Llevaban una semana construyendo el nido. La mirla hacía incesantes vuelos desde el amanecer siempre con algo en el pico. El mirlo vigilaba de cerca, emitiendo alternativamente trinos de seguridad o peligro. Es raro que lo hayan dispuesto entre un  bambú y un durillo no muy grandes, a la entrada de mi casa y al alcance de la mano. Suelen anidar en copas de árboles o en medio de espesos matorrales.

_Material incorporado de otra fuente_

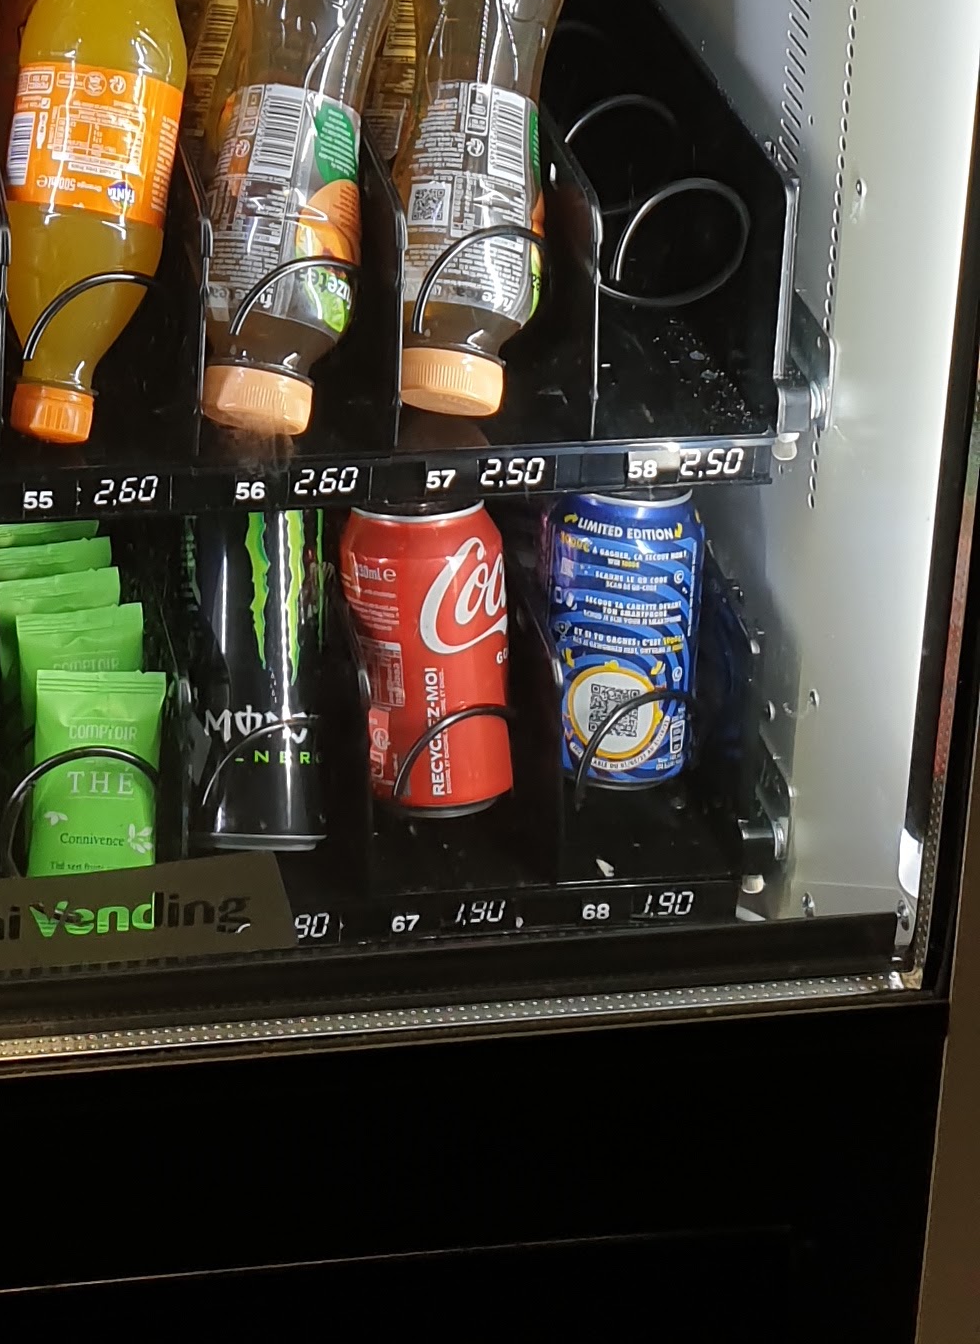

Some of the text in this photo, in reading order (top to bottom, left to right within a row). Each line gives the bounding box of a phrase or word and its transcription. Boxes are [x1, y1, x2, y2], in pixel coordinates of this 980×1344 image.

 Durante dos décadas me ha seguido alguna pareja de mirlos para comer lombrices, mientras yo cavaba en el jardín público al otro lado de mi calle, para plantar o quitar hierbas. Su apego al lugar de la primera nidada y su fidelidad conyugal son legendarias. La mirla que ha anidado debe ser como mínimo tataranieta lejana de las anteriores, ya que no viven más de tres años.

Ha sido previsora. Se ha limitado a poner dos huevos, teniendo en cuenta la escasez de alimentos del entorno. Es más habitual una puesta de tres o cuatro. Con alegría espero el feliz nacimiento de los dos polluelos. Esta mirla confía en mí. No huye cuando me acerco despacio para hacer mis quehaceres diarios. Nos hemos observado atentamente los dos últimos meses. Será una buena madre.